● **Exercise brief**: Restate all entries exactly. Skip the images.

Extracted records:

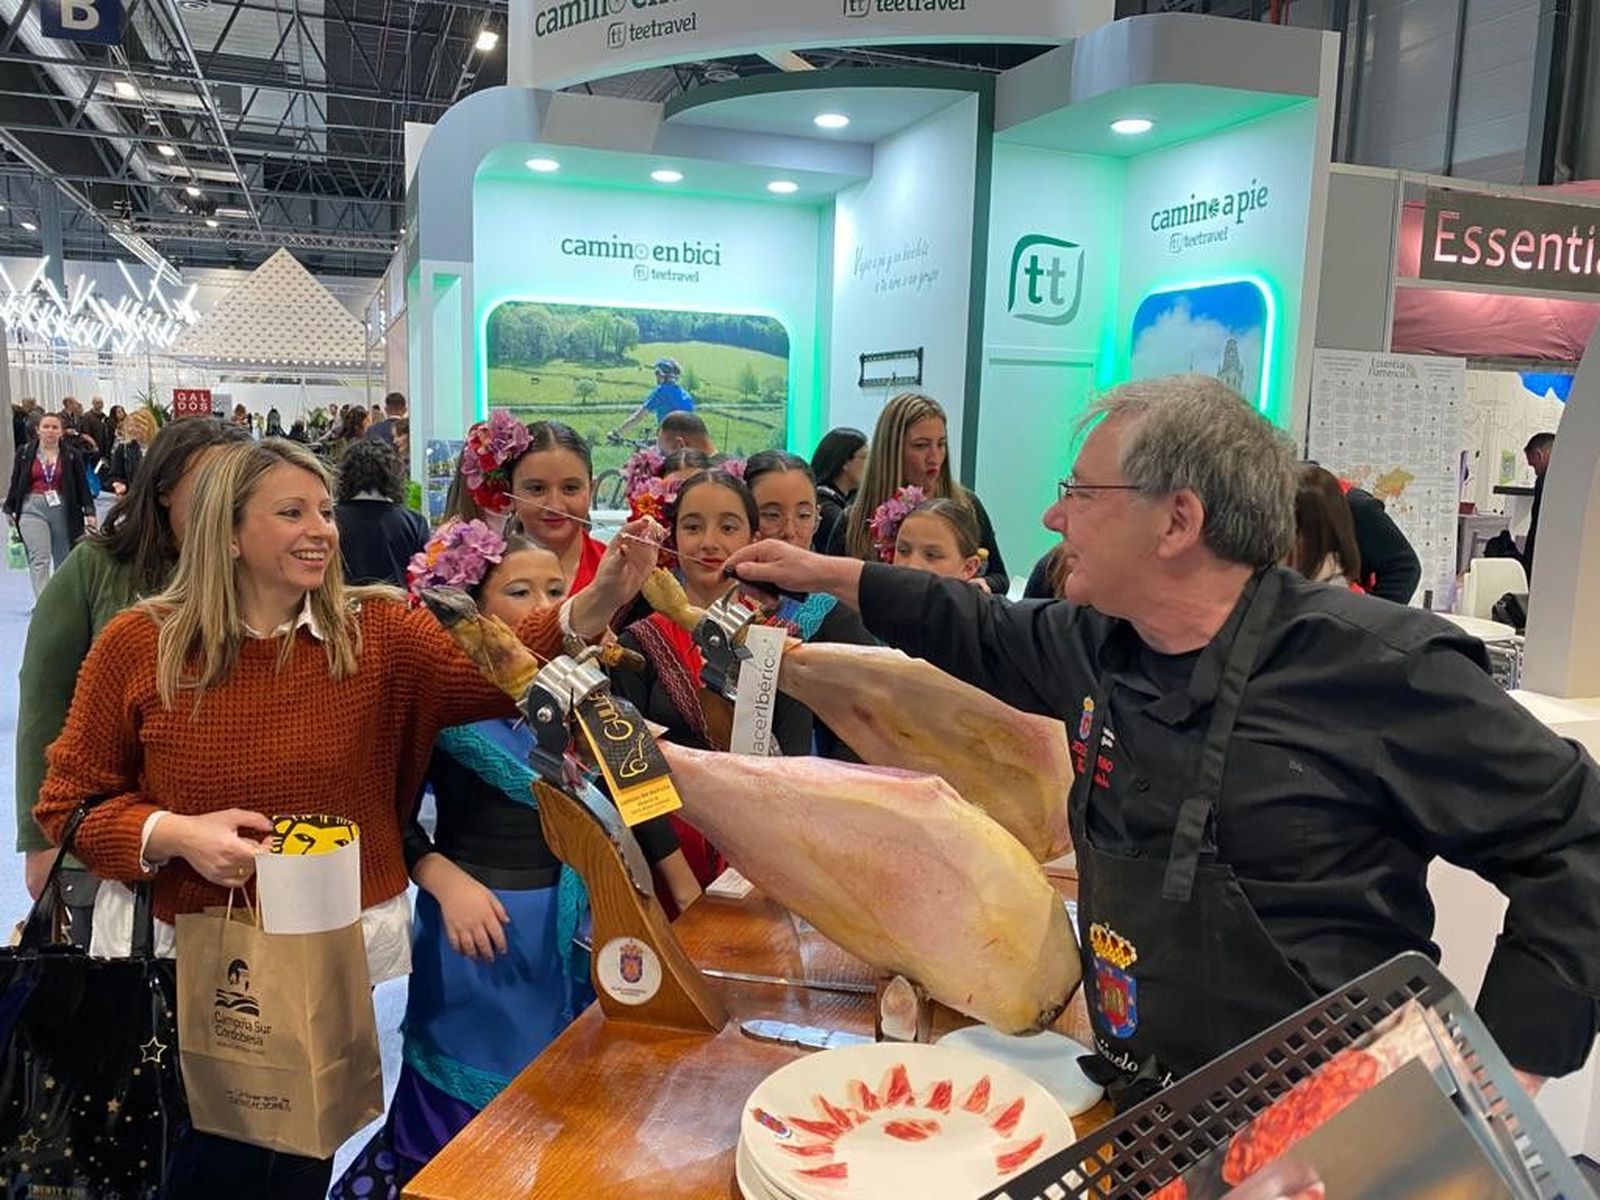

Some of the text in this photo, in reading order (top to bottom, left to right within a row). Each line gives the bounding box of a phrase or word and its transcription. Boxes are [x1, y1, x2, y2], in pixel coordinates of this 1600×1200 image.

[60, 0, 100, 30] B
[629, 12, 697, 42] teetravel
[1184, 226, 1228, 248] teetravel
[1434, 209, 1600, 275] Essenti
[651, 268, 700, 283] teetravel
[177, 392, 208, 402] GAL
[177, 401, 208, 411] DOS
[750, 646, 777, 756] lacerIbérico
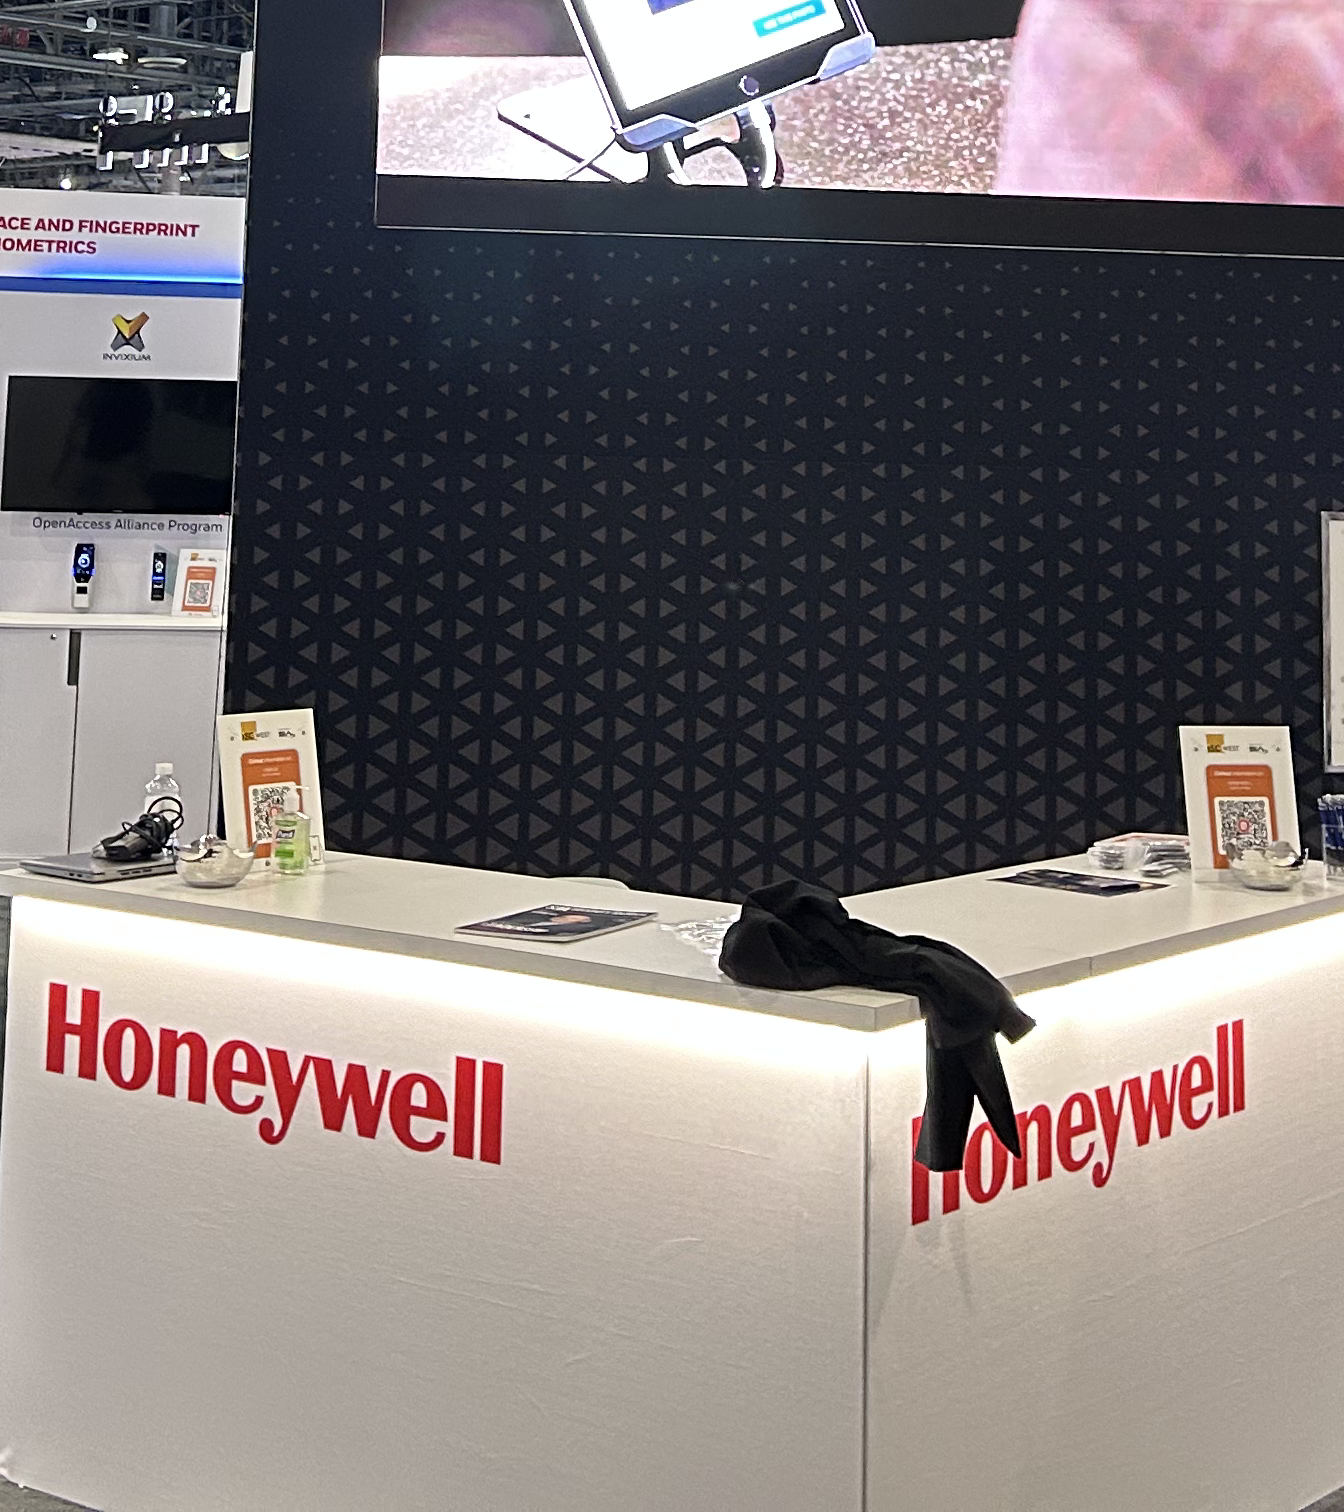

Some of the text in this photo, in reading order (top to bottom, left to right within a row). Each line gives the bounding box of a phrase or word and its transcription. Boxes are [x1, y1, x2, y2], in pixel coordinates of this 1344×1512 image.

● **Written answer**:
Some of the text in this photo, in reading order (top to bottom, left to right within a row). Each line gives the bounding box of a phrase or word and its transcription. Boxes are [x1, y1, x2, y2], in pixel coordinates of this 1600×1200 image.

[60, 0, 100, 30] B
[629, 12, 697, 42] teetravel
[1184, 226, 1228, 248] teetravel
[1434, 209, 1600, 275] Essenti
[651, 268, 700, 283] teetravel
[177, 392, 208, 402] GAL
[177, 401, 208, 411] DOS
[750, 646, 777, 756] lacerIbérico

Some of the text in this photo, in reading order (top to bottom, left to right within a row). Each line gives the bounding box of a phrase or word and its transcription. Boxes are [x1, y1, x2, y2], in pixel coordinates of this 1344×1512 image.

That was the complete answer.